We drove in silence for a few minutes, him wiping his face and neither of us looking at the other. Living in our own private continents across the chasm of the gearshift. Both our hands moved to our wet eyes at the same time and then there was only one of us and a mirror image. Wiping away the evidence. As in the human brain, connection across hemispheres is nearly impossible.
HAIR INGREDIENTS
Day 9 of 150
World of Wonders
June 2013
Story goes: a woman became a carnie because she fell in love with a Ferris wheel. She called him Bruce. For seven years they traveled together. Then, in their eighth season, a hurricane hit their carnival and Bruce was destroyed, sent to a junk lot in New Jersey. She followed him there and, after finding his remains, asked him to marry her. They were wed. She’s working at a sandwich shop to save enough money to have Bruce shipped home to her in Florida.

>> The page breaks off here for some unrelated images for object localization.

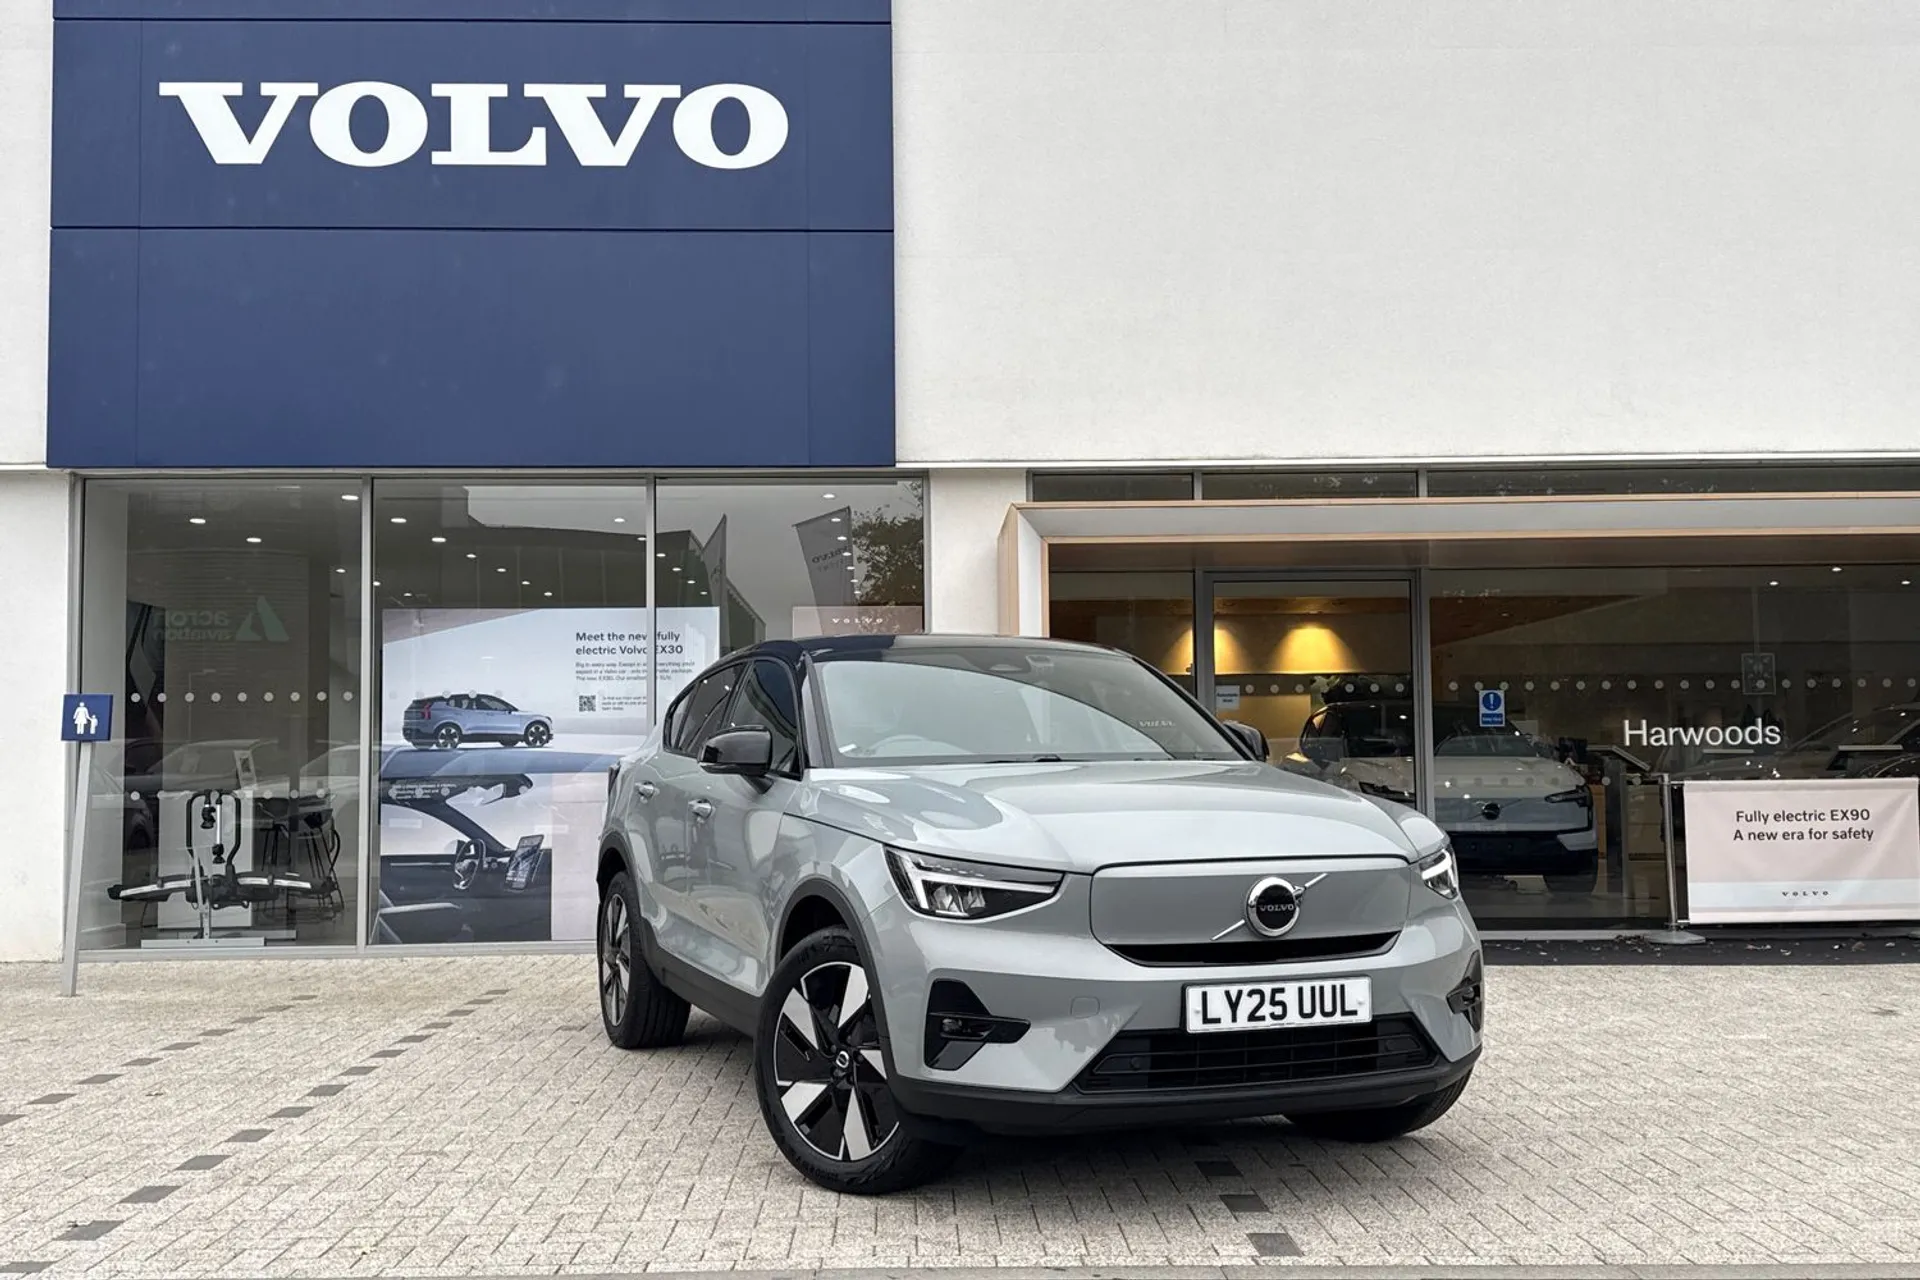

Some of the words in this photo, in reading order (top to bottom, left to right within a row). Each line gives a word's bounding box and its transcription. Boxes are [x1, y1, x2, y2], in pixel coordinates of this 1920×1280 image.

[159, 81, 789, 170] VOLVO
[576, 632, 605, 641] Meet
[607, 632, 625, 641] the
[656, 631, 680, 642] fully
[575, 645, 617, 655] electric
[1623, 717, 1782, 747] Harwoods
[1736, 810, 1769, 825] Fully
[1773, 809, 1826, 822] electric
[1830, 808, 1871, 821] EX90
[1733, 829, 1744, 841] A
[1747, 831, 1778, 841] new
[1782, 830, 1805, 840] era
[1808, 828, 1828, 840] for
[1832, 828, 1874, 842] safety
[1260, 903, 1295, 912] VOLVO
[1201, 987, 1288, 1025] LY25
[1298, 984, 1358, 1019] UUL
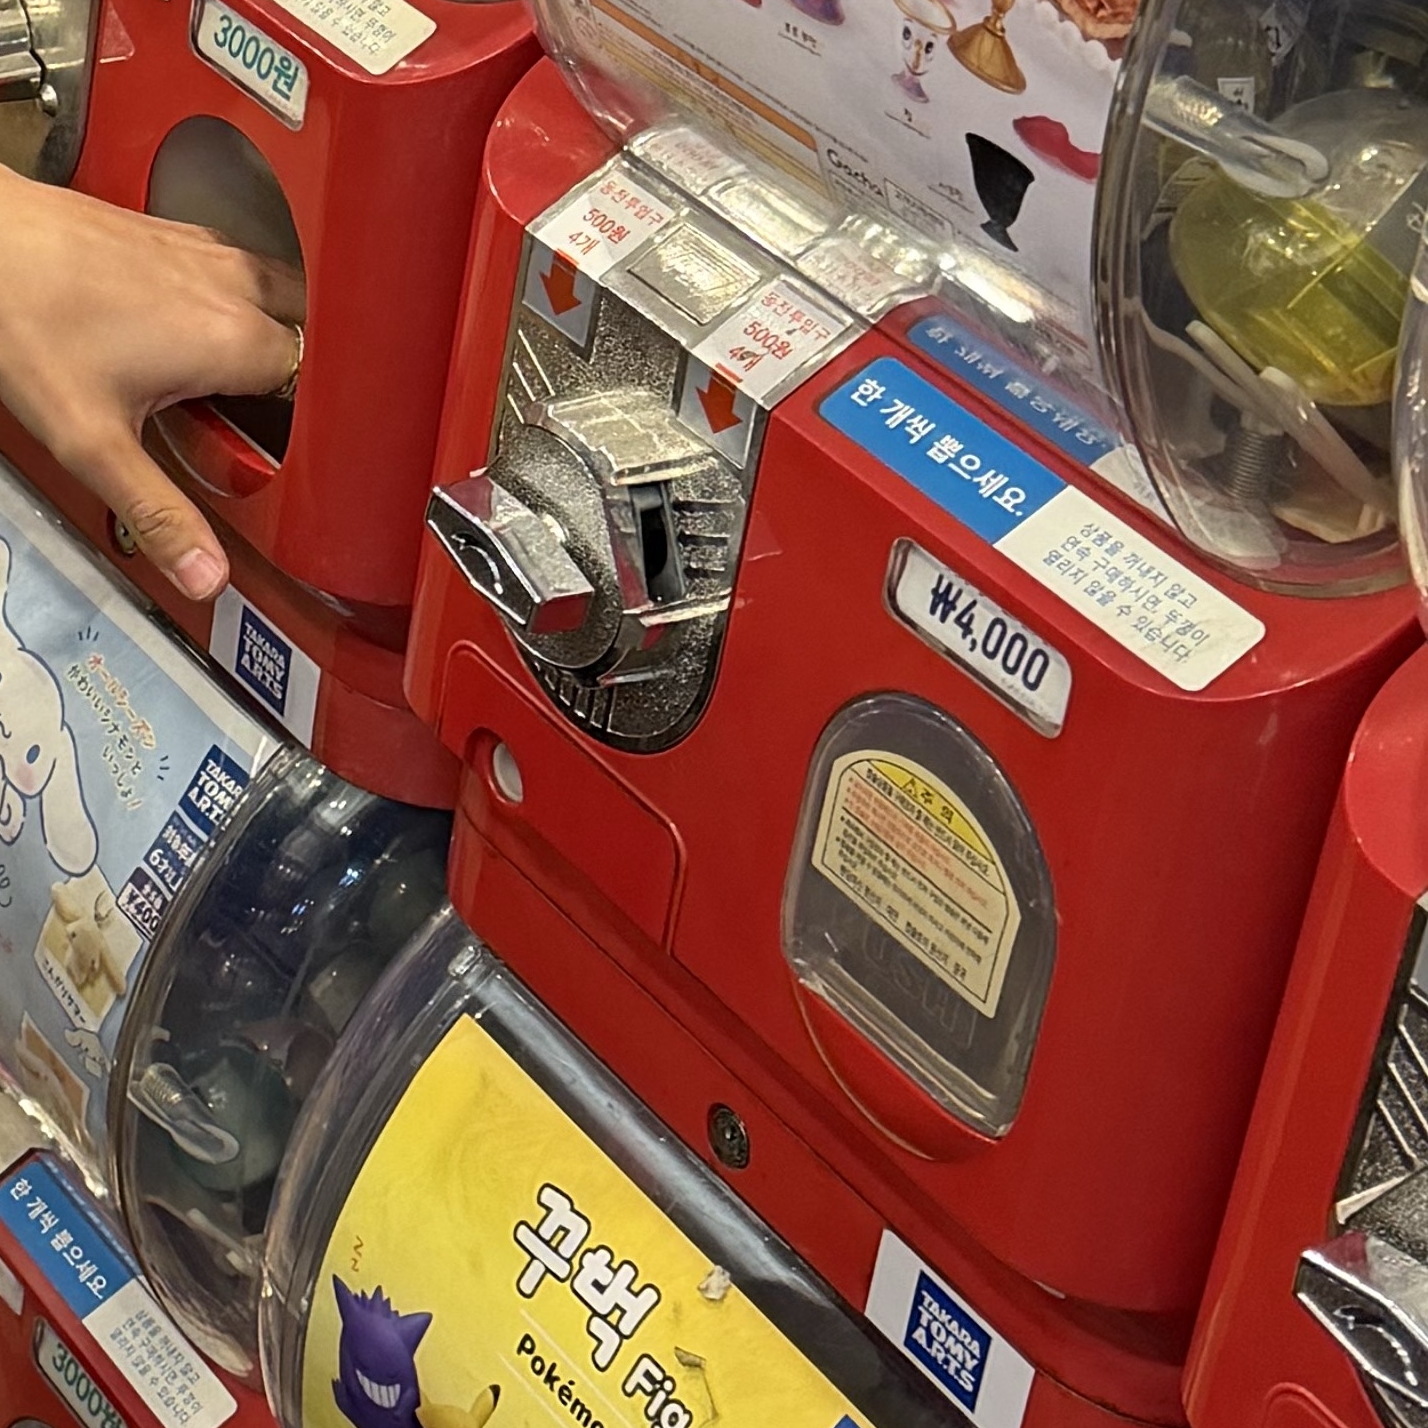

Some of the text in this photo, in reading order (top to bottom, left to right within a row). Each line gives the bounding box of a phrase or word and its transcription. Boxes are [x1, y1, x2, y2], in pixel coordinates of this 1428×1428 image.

[213, 14, 300, 102] 3000원
[581, 207, 632, 244] 500원
[598, 179, 666, 228] 동전투입구
[567, 230, 600, 257] 4개
[742, 320, 793, 361] 500원
[851, 377, 1030, 518] 한 개씩 뽑으세요.
[1042, 549, 1087, 588] 열리지
[1082, 579, 1119, 608] 않을
[1115, 602, 1133, 619] 수
[1060, 535, 1091, 566] 연속
[1080, 522, 1200, 610] 상품을 꺼내지 않고
[929, 571, 1051, 692] ₩4,000
[10, 1177, 33, 1201] 한
[26, 1195, 61, 1235] 개씩
[513, 1182, 661, 1371] 꾸벅
[916, 1308, 980, 1372] TOMY
[920, 1289, 981, 1362] TAKARA

I am not yet in love with any of the machines but also in love with all the machines. Seeing the half-assembled rides during setup was almost embarrassing, like I was glimpsing them in their underpants, not yet all dazzled up with long stiff arms and flashing lights, blaring the summer’s pop hits. But I like seeing them at night. Powered down. Sleeping.
* * *
We’ve just returned back from our first Walmart trip.
You want to meet a bunch of carnies? Head to Wally World after midnight when the carnival is in town. Hope they’re a little high, jovial. Hope they’re not squaring off in their rivalries, that food jocks stay in cereal while the ride jocks are in canned soups.